**DIRECTIONS:** Down to the last line, repeat the entries exactly and drop any image.

(Images for object localization)
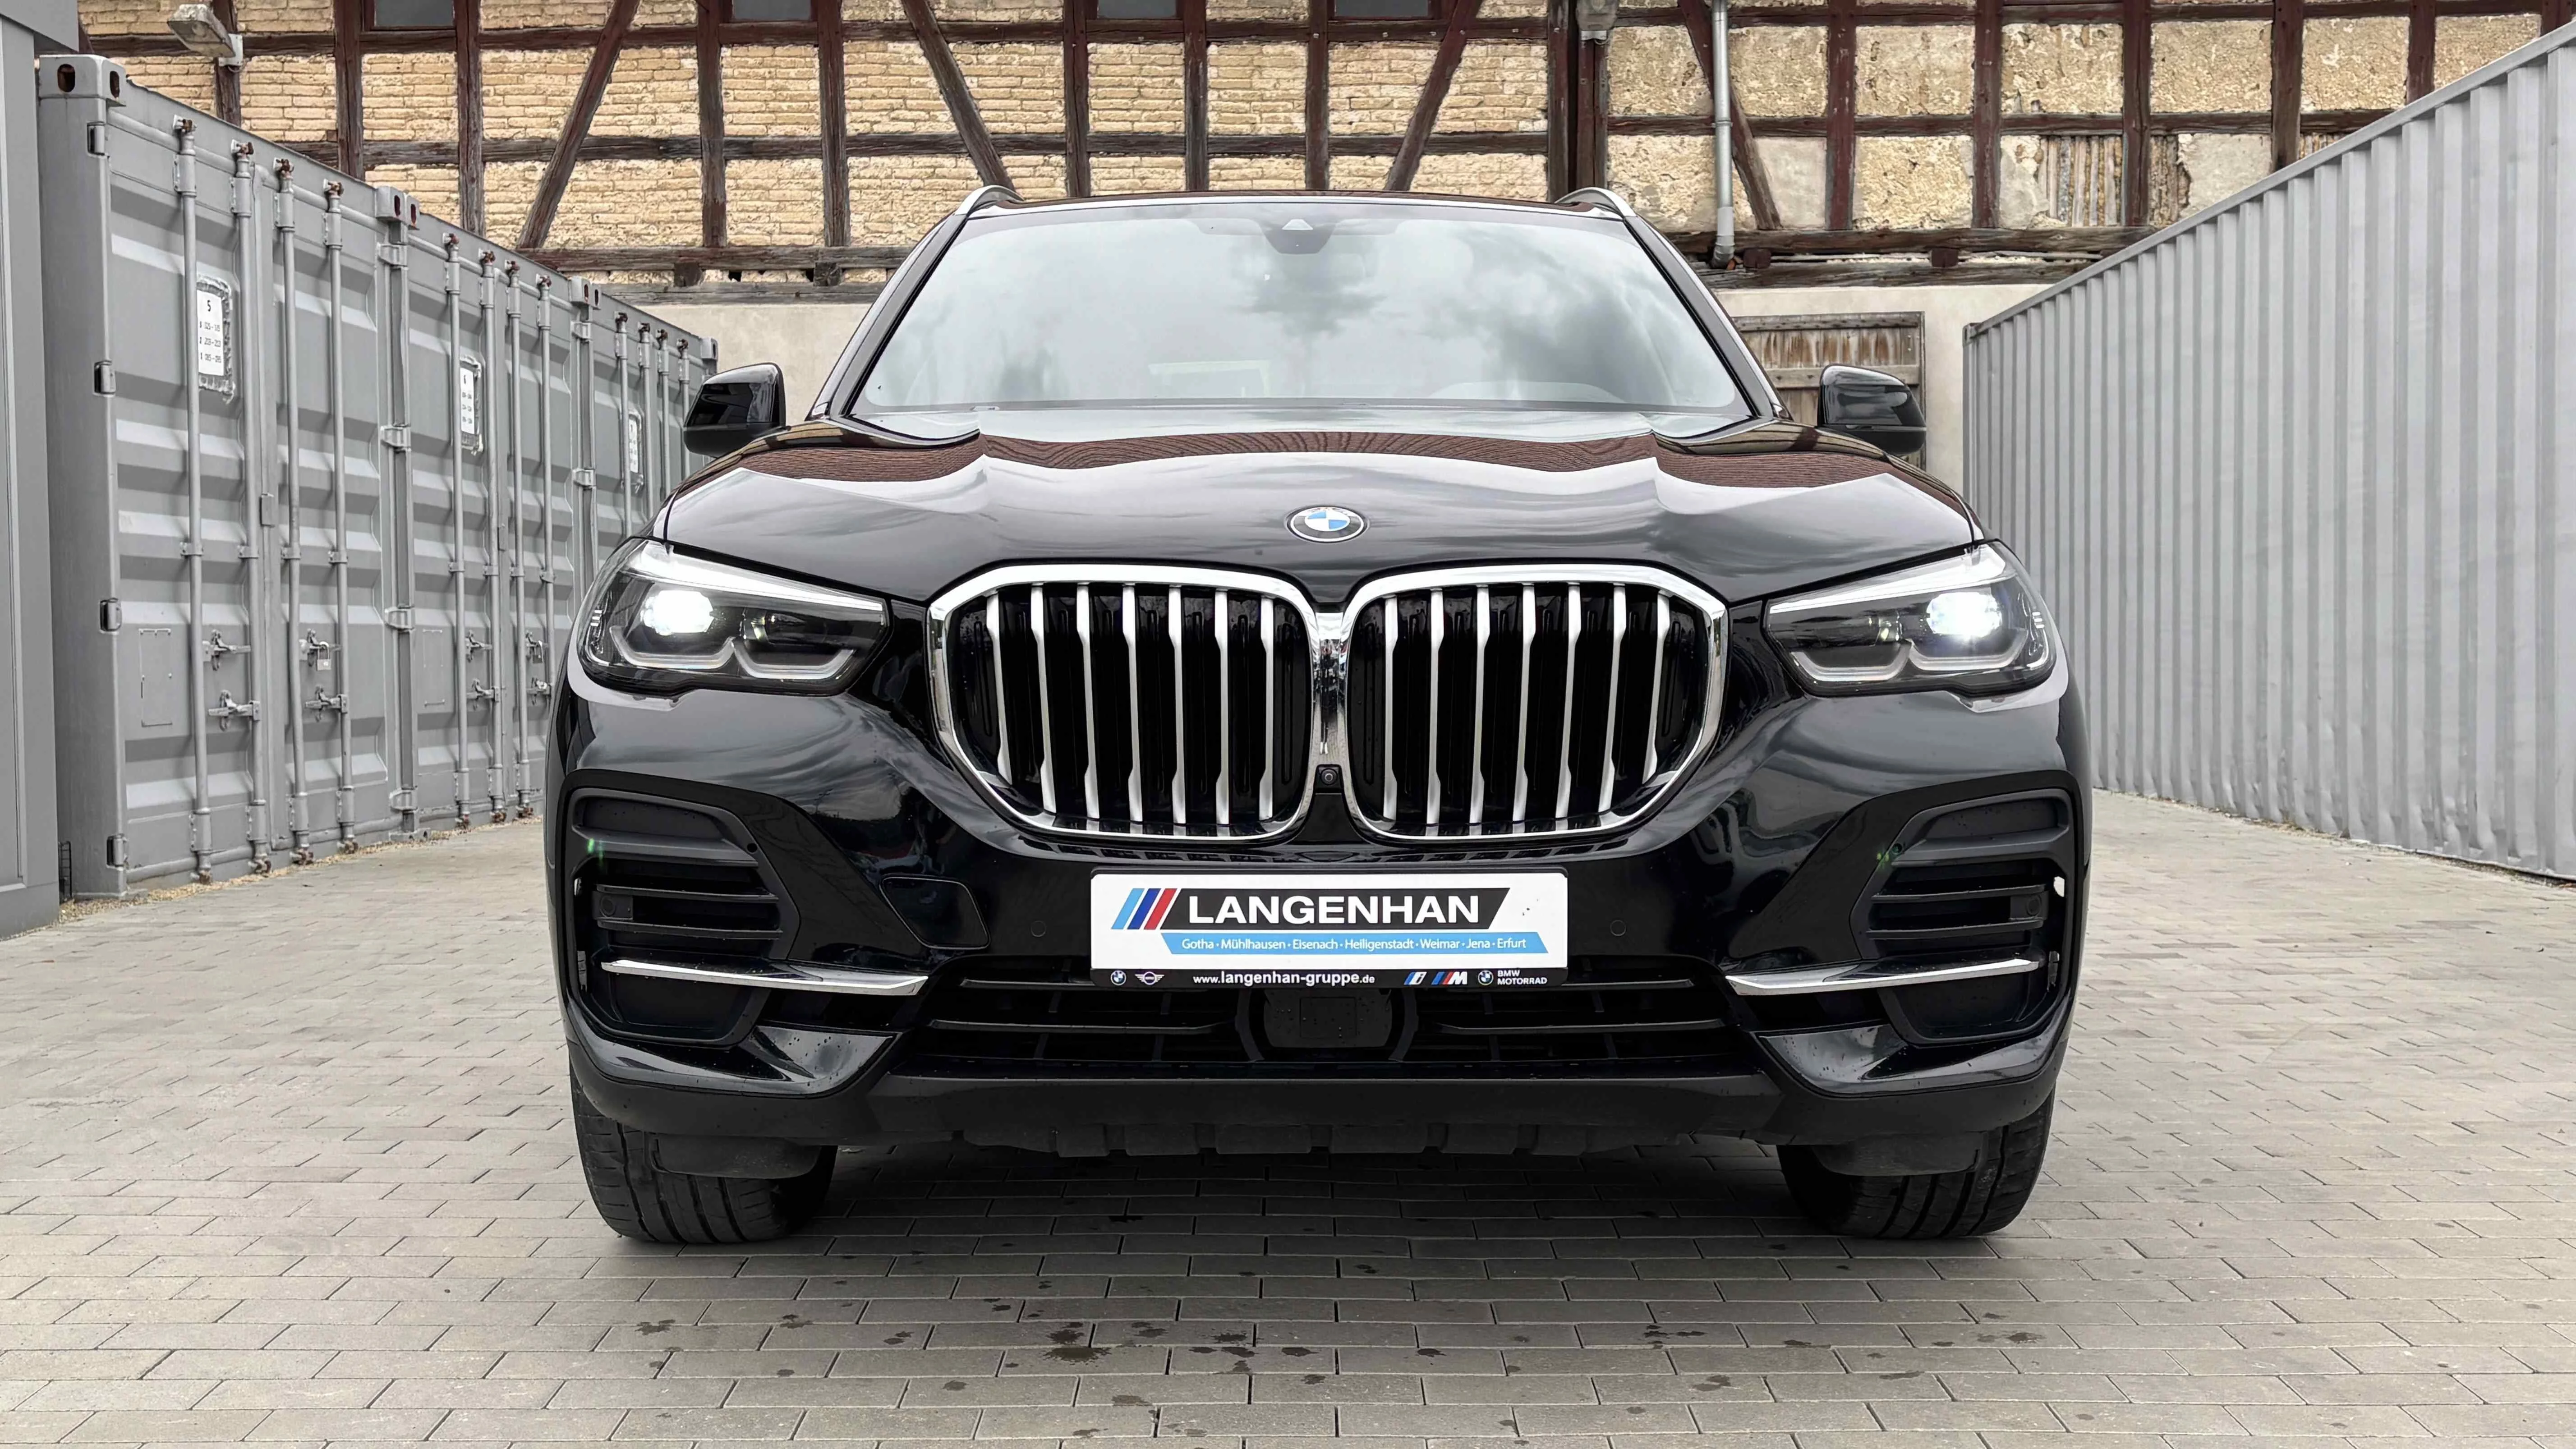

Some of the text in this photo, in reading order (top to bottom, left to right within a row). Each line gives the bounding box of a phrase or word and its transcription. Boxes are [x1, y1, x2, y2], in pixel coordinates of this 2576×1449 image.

[207, 300, 211, 312] 5
[1189, 895, 1478, 924] LANGENHAN
[1182, 938, 1526, 952] Gotha Mühlhausen Eisenach Heiligenstadt Weimar Jena Erfurt
[1193, 971, 1375, 986] www.langenhan-gruppe.de
[1449, 972, 1467, 985] M
[1497, 977, 1547, 985] MOTORRAD
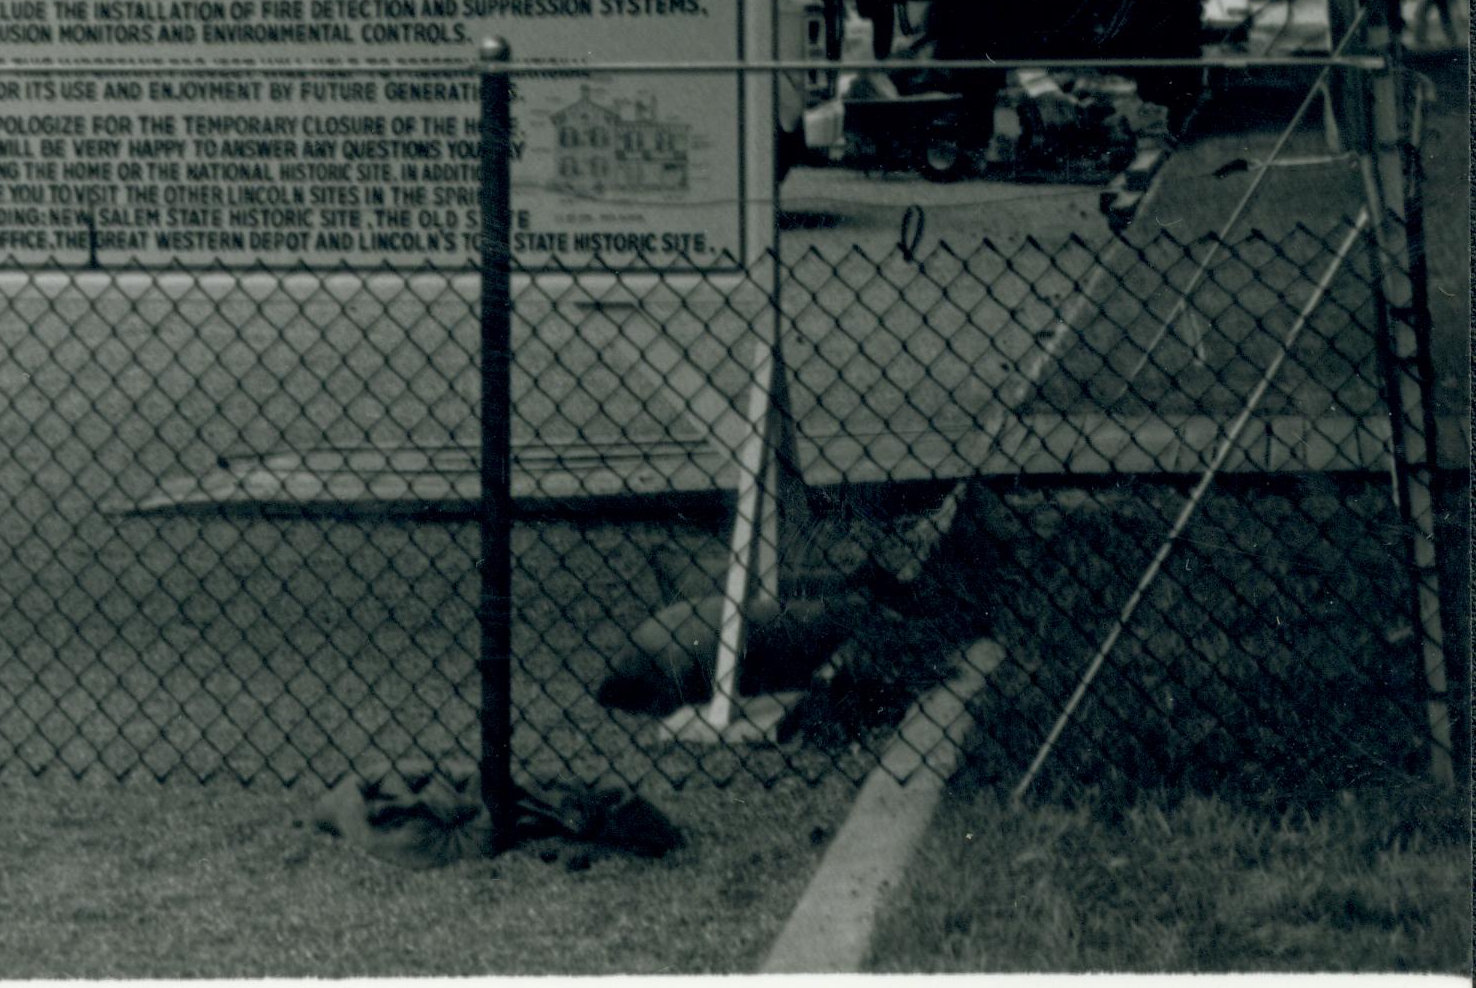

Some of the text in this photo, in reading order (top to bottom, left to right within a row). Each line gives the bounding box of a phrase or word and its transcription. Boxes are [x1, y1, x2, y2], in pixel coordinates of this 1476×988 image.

**ANSWER SECTION:**
Some of the text in this photo, in reading order (top to bottom, left to right within a row). Each line gives the bounding box of a phrase or word and its transcription. Boxes are [x1, y1, x2, y2], in pixel coordinates of this 2576×1449 image.

[207, 300, 211, 312] 5
[1189, 895, 1478, 924] LANGENHAN
[1182, 938, 1526, 952] Gotha Mühlhausen Eisenach Heiligenstadt Weimar Jena Erfurt
[1193, 971, 1375, 986] www.langenhan-gruppe.de
[1449, 972, 1467, 985] M
[1497, 977, 1547, 985] MOTORRAD

Some of the text in this photo, in reading order (top to bottom, left to right within a row). Each line gives the bounding box of a phrase or word and its transcription. Boxes are [x1, y1, x2, y2], in pixel coordinates of this 1476×988 image.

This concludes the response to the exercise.